Unit 10: Infinite Sums and Series (BC-only)

This BC-only unit is about representing functions and numbers through infinitely many terms, and then deciding when those infinite processes make sense.

Sequences

A sequence is a function whose domain is the positive integers:

\[a_1, a_2, a_3, \dots\]

We write

\[\lim_{n \to \infty} a_n = L\]

if the terms approach \(L\).

If \(\sum a_n\) converges, then necessarily \(a_n \to 0\). The converse is false.

Infinite series

A series is the sum

\[\sum_{n=1}^{\infty} a_n.\]

Its convergence is defined by the sequence of partial sums:

\[S_N = \sum_{n=1}^{N} a_n.\]

Geometric series

\[\sum_{n=0}^{\infty} ar^n\]

converges when \(\lvert r \rvert < 1\) and then

\[\sum_{n=0}^{\infty} ar^n = \frac{a}{1-r}.\]

Harmonic and p-series

The harmonic series

\[\sum_{n=1}^{\infty} \frac{1}{n}\]

diverges.

The p-series

\[\sum_{n=1}^{\infty} \frac{1}{n^p}\]

converges if and only if \(p>1\).

Integral Test

If \(f(x)\) is positive, continuous, and decreasing for large \(x\) with \(f(n)=a_n\), then

\[\sum a_n\]

and

\[\int f(x)\,dx\]

either both converge or both diverge.

Comparison tests

Direct comparison:

if \(0 \le a_n \le b_n\) and \(\sum b_n\) converges, then \(\sum a_n\) converges,
if \(0 \le b_n \le a_n\) and \(\sum b_n\) diverges, then \(\sum a_n\) diverges.

Limit comparison:

\[\lim_{n \to \infty} \frac{a_n}{b_n} = c\]

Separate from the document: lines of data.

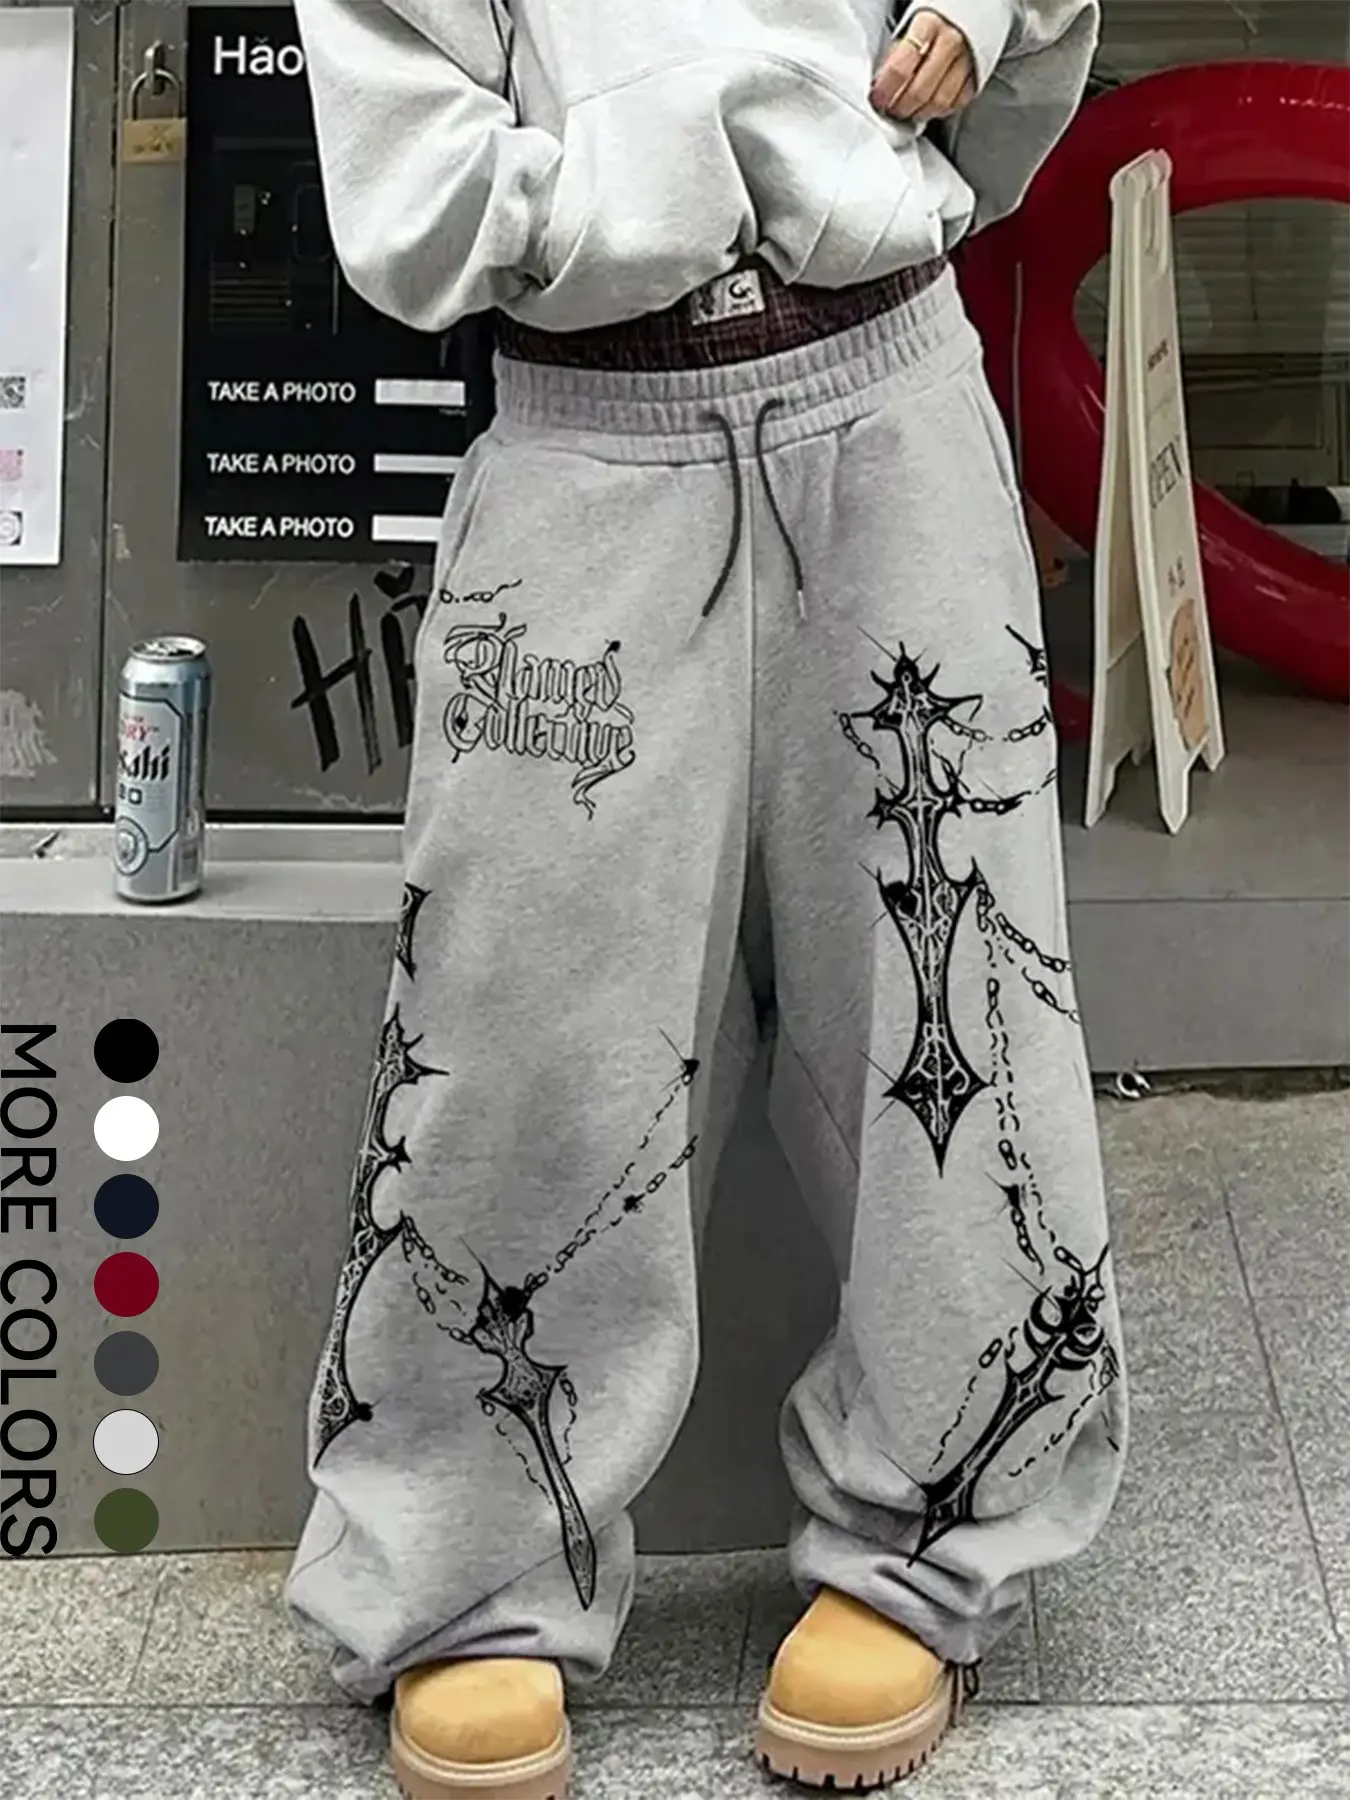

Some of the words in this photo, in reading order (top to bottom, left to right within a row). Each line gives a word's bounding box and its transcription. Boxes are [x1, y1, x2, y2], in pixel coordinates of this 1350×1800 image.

[207, 381, 260, 401] TAKE
[263, 381, 279, 401] A
[282, 381, 356, 403] PHOTO
[206, 453, 259, 473] TAKE
[262, 453, 278, 473] A
[281, 453, 356, 475] PHOTO
[204, 516, 258, 537] TAKE
[260, 516, 277, 537] A
[279, 516, 354, 538] PHOTO

with \(0<c<\infty\), then \(\sum a_n\) and \(\sum b_n\) behave the same.

Alternating series

An alternating series often has the form

\[\sum_{n=1}^{\infty} (-1)^n b_n\]

\[\sum_{n=1}^{\infty} (-1)^{n+1} b_n\]

with \(b_n > 0\).

The Alternating Series Test says the series converges if:

\(b_n\) decreases eventually,
\(b_n \to 0\).

Absolute vs conditional convergence

\[\sum \lvert a_n \rvert\]

converges, then \(\sum a_n\) converges absolutely.

If \(\sum a_n\) converges but \(\sum \lvert a_n \rvert\) diverges, the convergence is conditional.

Ratio and root tests

Ratio Test:

\[L = \lim_{n \to \infty} \left\lvert\frac{a_{n+1}}{a_n}\right\rvert\]

Root Test:

\[L = \lim_{n \to \infty} \sqrt[n]{\lvert a_n \rvert}\]

In either test:

if \(L<1\), converge absolutely,
if \(L>1\) or infinite, diverge,
if \(L=1\), inconclusive.

nth-term test for divergence

\[\lim_{n \to \infty} a_n \ne 0\]

or the limit does not exist, then

\[\sum a_n\]

diverges.

Power series

A power series centered at \(c\) has form

\[\sum_{n=0}^{\infty} a_n(x-c)^n.\]

There is a radius of convergence \(R\):

converges for \(\lvert x-c \rvert<R\),
diverges for \(\lvert x-c \rvert>R\),
endpoints must be checked separately.

[Image Placeholder: number line showing center, radius, and endpoint testing]

Taylor and Maclaurin series

The Taylor series of \(f\) centered at \(c\) is

\[\sum_{n=0}^{\infty} \frac{f^{(n)}(c)}{n!}(x-c)^n.\]

Maclaurin series is the special case \(c=0\).

Core series to memorize:

\[\frac{1}{1-x} = \sum_{n=0}^{\infty} x^n, \qquad \lvert x \rvert<1\] \[e^x = \sum_{n=0}^{\infty} \frac{x^n}{n!}\] \[\sin x = \sum_{n=0}^{\infty} (-1)^n \frac{x^{2n+1}}{(2n+1)!}\] \[\cos x = \sum_{n=0}^{\infty} (-1)^n \frac{x^{2n}}{(2n)!}\]

Taylor polynomial and error

The \(n\)th Taylor polynomial is the finite truncation:

\[T_n(x) = \sum_{k=0}^{n} \frac{f^{(k)}(c)}{k!}(x-c)^k.\]

For alternating Maclaurin series with decreasing term magnitudes, the truncation error is at most the first omitted term in absolute value.

Common mistakes

Forgetting that \(a_n \to 0\) is necessary but not sufficient.
Using a convergence test whose hypotheses do not apply.
Stopping after finding the radius of convergence without testing endpoints.
Mixing up absolute and conditional convergence.